Population (2023 census)
- • Total: 501
- • Density: 2,100/km^{2} (5,400/sq mi)
- Time zone: UTC+12 (NZST)
- • Summer (DST): UTC+13 (NZDT)
- Postcode: 7010
- Area code: 03

= Beachville =

Beachville is an inner suburb of Nelson, New Zealand. It lies at the western edge of Nelson city centre, to the southeast of Port Nelson.

Beachville includes a park, Fountain Reserve, and a public garden, Fountain Place Gardens.

==Demographics==
Beachville covers 0.24 km2. It is part of the larger Britannia statistical area.

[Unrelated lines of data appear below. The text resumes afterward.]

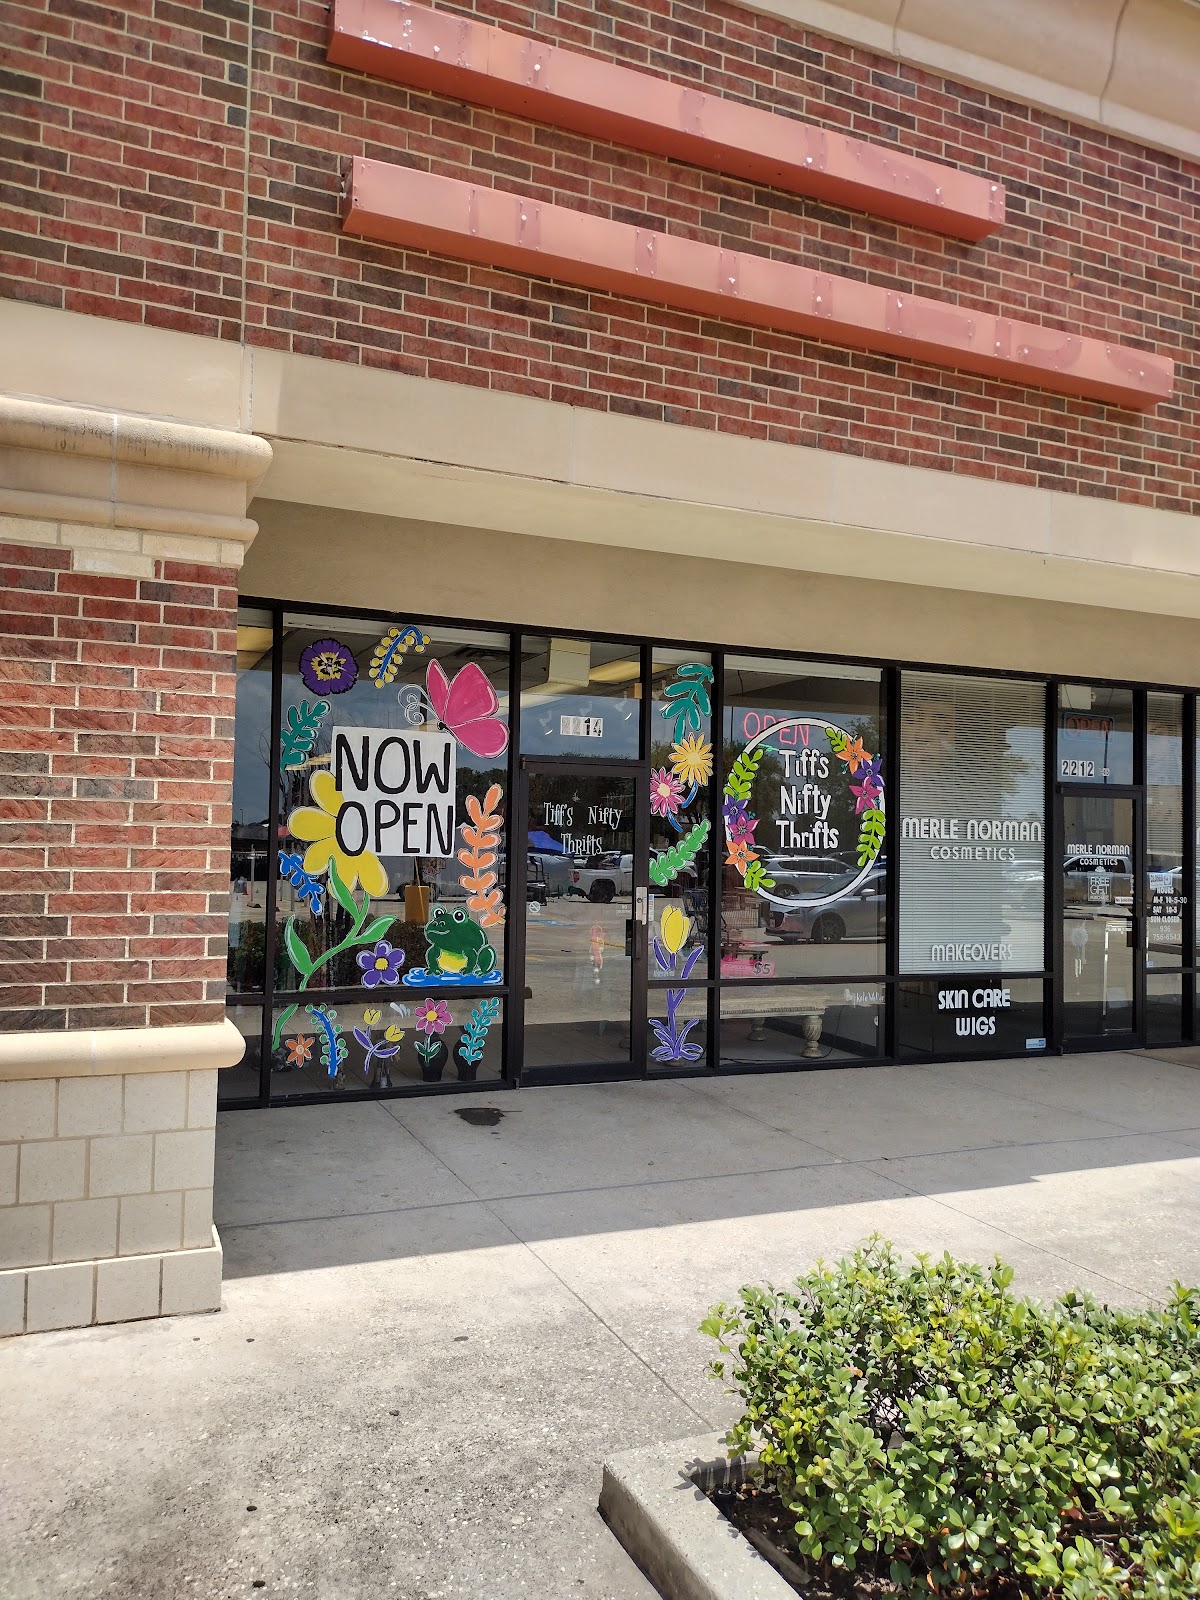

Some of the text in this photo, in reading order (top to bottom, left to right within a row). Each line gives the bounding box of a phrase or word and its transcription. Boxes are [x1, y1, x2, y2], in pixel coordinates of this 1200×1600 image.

[335, 733, 451, 794] NOW
[779, 749, 829, 779] Tiff's
[1062, 761, 1094, 777] 2212
[780, 784, 831, 820] Nifty
[543, 801, 623, 830] Tiff's Nifty
[335, 799, 453, 857] OPEN
[775, 820, 839, 849] Thrifts
[901, 817, 1042, 841] MERLE NORMAN
[930, 845, 1016, 860] COSMETICS
[1067, 844, 1130, 855] MERLE NORMAN
[1080, 858, 1118, 866] COSMETICS
[1090, 876, 1110, 886] FREE
[1156, 887, 1174, 895] HOURS
[1150, 915, 1180, 923] SUN CLOSED
[1152, 906, 1162, 914] SAT
[931, 943, 1013, 962] MAKEOVERS
[753, 961, 772, 976] $5
[938, 988, 1011, 1010] SKIN CARE
[955, 1016, 996, 1036] WIGS

Beachville had a population of 501 in the 2023 New Zealand census, a decrease of 51 people (−9.2%) since the 2018 census, and an increase of 33 people (7.1%) since the 2013 census. There were 249 males, 252 females, and 3 people of other genders in 204 dwellings. 3.6% of people identified as LGBTIQ+. There were 87 people (17.4%) aged under 15 years, 57 (11.4%) aged 15 to 29, 270 (53.9%) aged 30 to 64, and 81 (16.2%) aged 65 or older.

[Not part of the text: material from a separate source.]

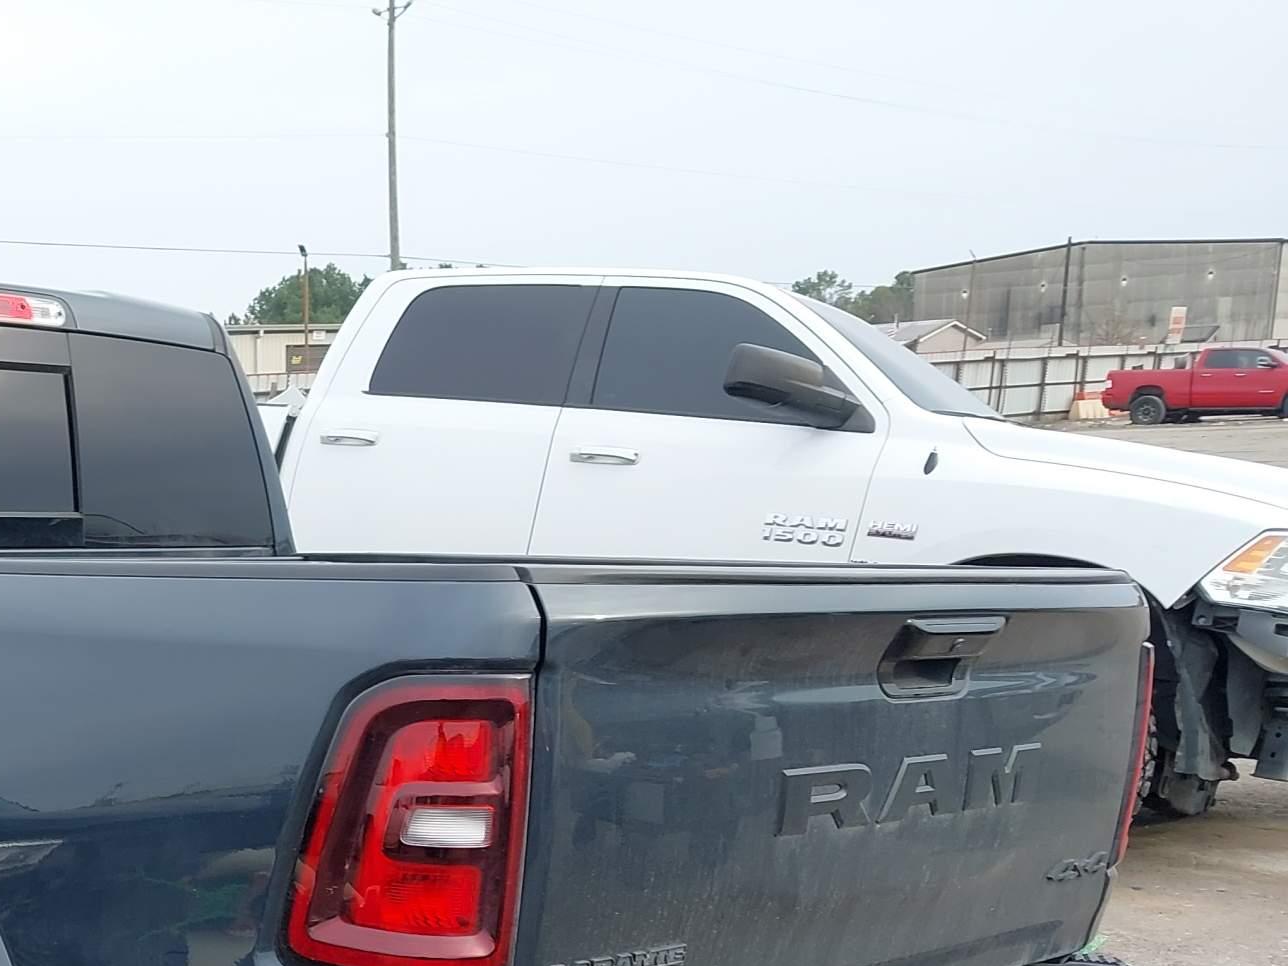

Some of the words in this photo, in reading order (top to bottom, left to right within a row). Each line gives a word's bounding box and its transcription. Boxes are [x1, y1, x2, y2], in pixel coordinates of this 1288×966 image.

[763, 512, 849, 532] RAM
[869, 520, 919, 534] HEMI
[761, 527, 845, 547] 1500
[774, 741, 1042, 837] RAM

People could identify as more than one ethnicity. The results were 83.2% European (Pākehā); 11.4% Māori; 3.0% Pasifika; 10.8% Asian; 1.2% Middle Eastern, Latin American and African New Zealanders (MELAA); and 3.6% other, which includes people giving their ethnicity as "New Zealander". English was spoken by 94.6%, Māori by 3.6%, Samoan by 0.6%, and other languages by 18.0%. No language could be spoken by 1.2% (e.g. too young to talk). The percentage of people born overseas was 29.9, compared with 28.8% nationally.

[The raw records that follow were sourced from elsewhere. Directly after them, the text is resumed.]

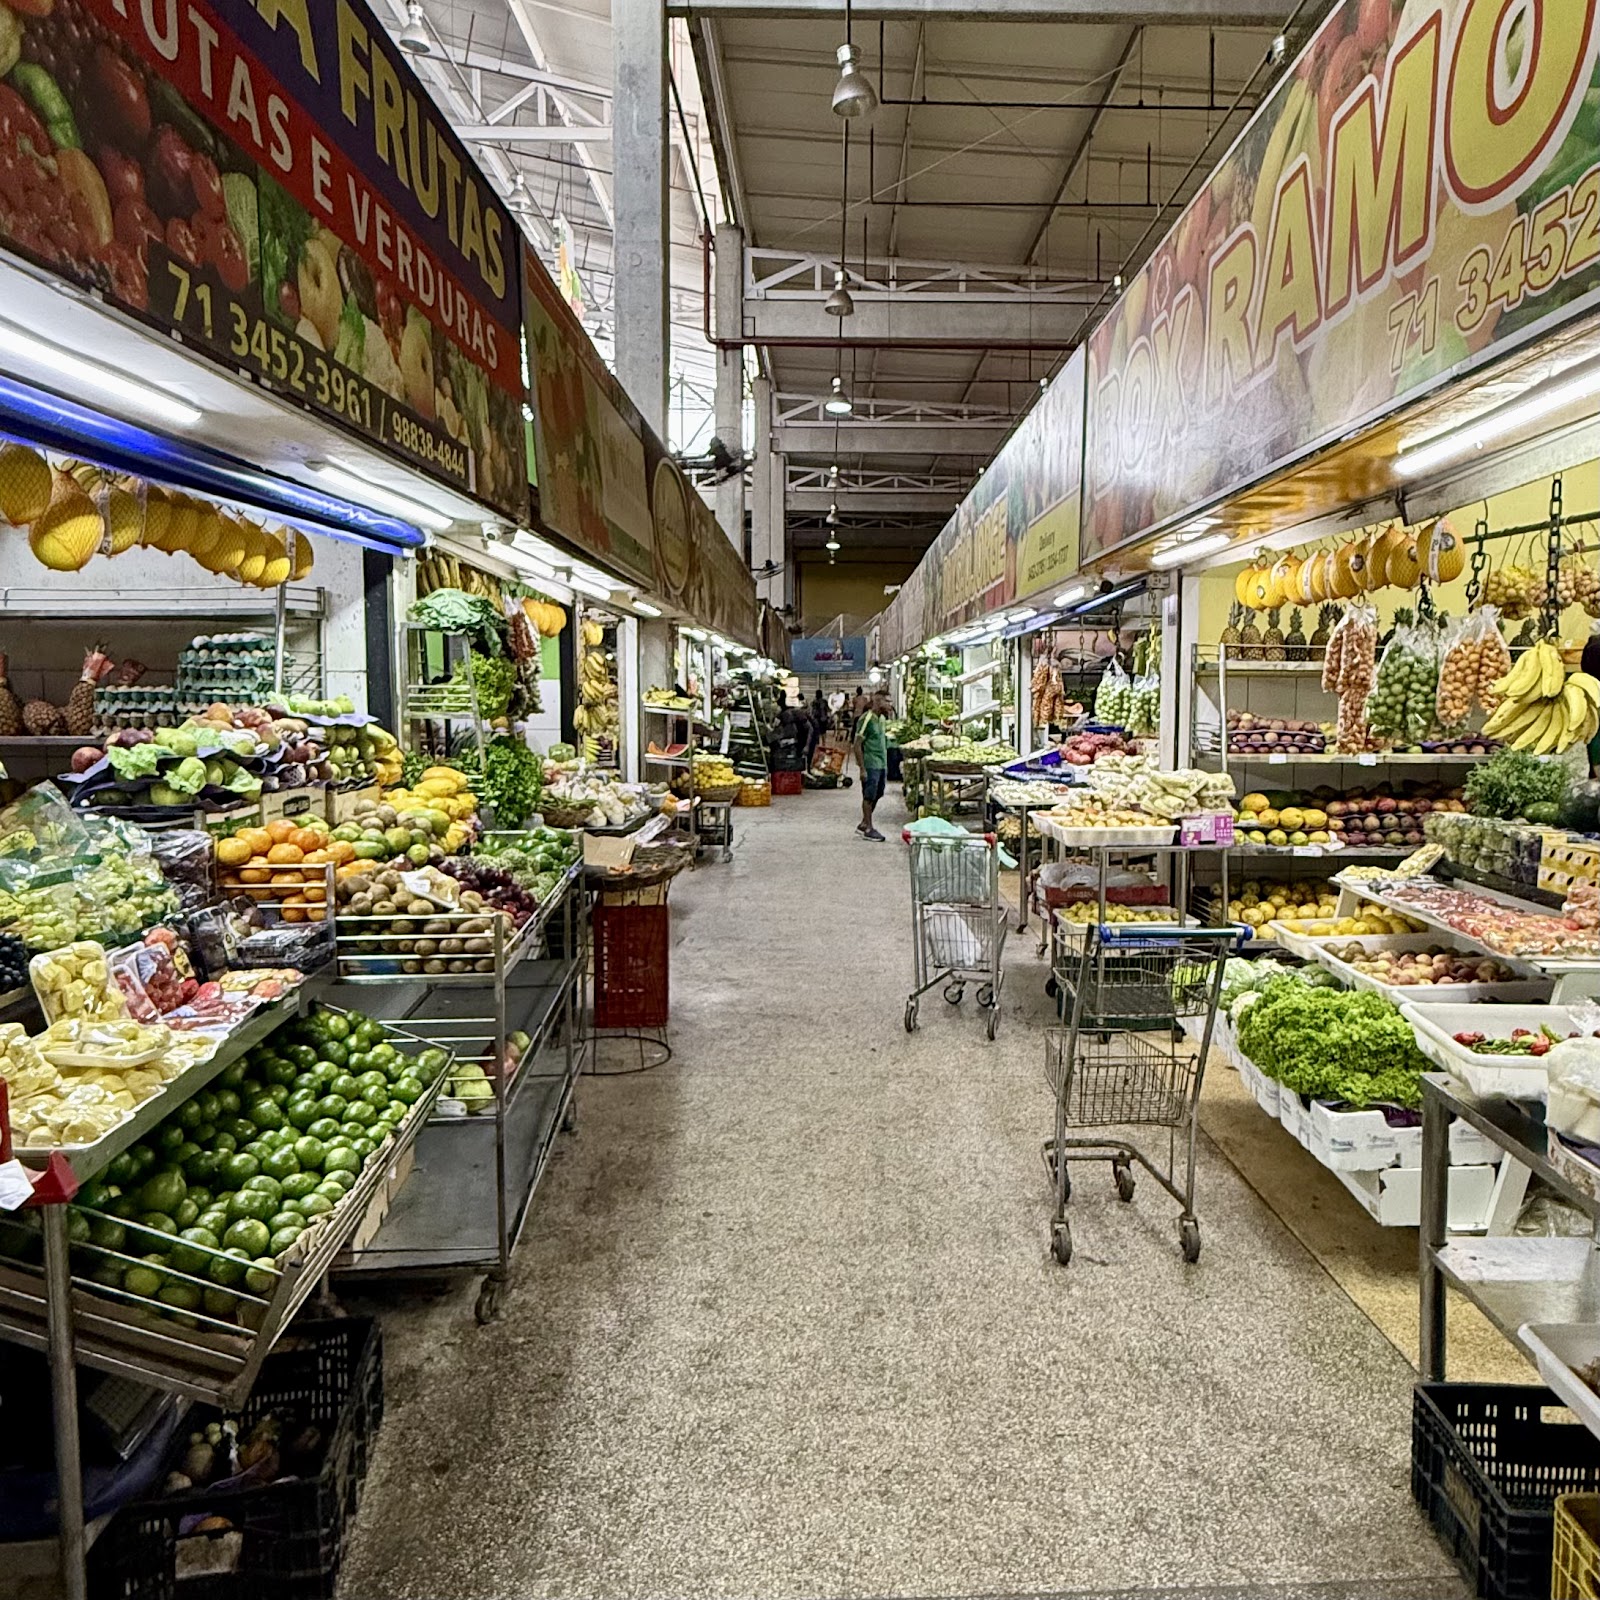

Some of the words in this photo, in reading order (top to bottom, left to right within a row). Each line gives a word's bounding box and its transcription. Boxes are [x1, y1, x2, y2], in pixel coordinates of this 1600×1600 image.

[311, 134, 334, 215] E
[347, 172, 498, 370] VERDURAS
[336, 0, 505, 299] FRUTAS
[168, 260, 213, 339] 71
[229, 301, 371, 429] 3452-3961
[392, 411, 466, 479] 98838-4844
[1094, 283, 1194, 500] BOX
[1388, 275, 1440, 376] 71

Religious affiliations were 17.4% Christian, 1.8% Hindu, 0.6% Islam, 1.2% New Age, and 0.6% other religions. People who answered that they had no religion were 68.3%, and 9.0% of people did not answer the census question.

Of those at least 15 years old, 153 (37.0%) people had a bachelor's or higher degree, 180 (43.5%) had a post-high school certificate or diploma, and 75 (18.1%) people exclusively held high school qualifications. 48 people (11.6%) earned over $100,000 compared to 12.1% nationally. The employment status of those at least 15 was 222 (53.6%) full-time, 66 (15.9%) part-time, and 9 (2.2%) unemployed.

==Education==

Auckland Point School, a co-educational state primary school for Year 1 to 8 students, is located in Beachville. It had a roll of as of . It opened in 1927 with a roll of 400. The original brick building was deemed unsafe after the 1929 Murchison and 1968 Inangahua earthquakes, and was demolished in 1974 after considerable debate.

The Nelson Teen Parent Unit is located next to the primary school.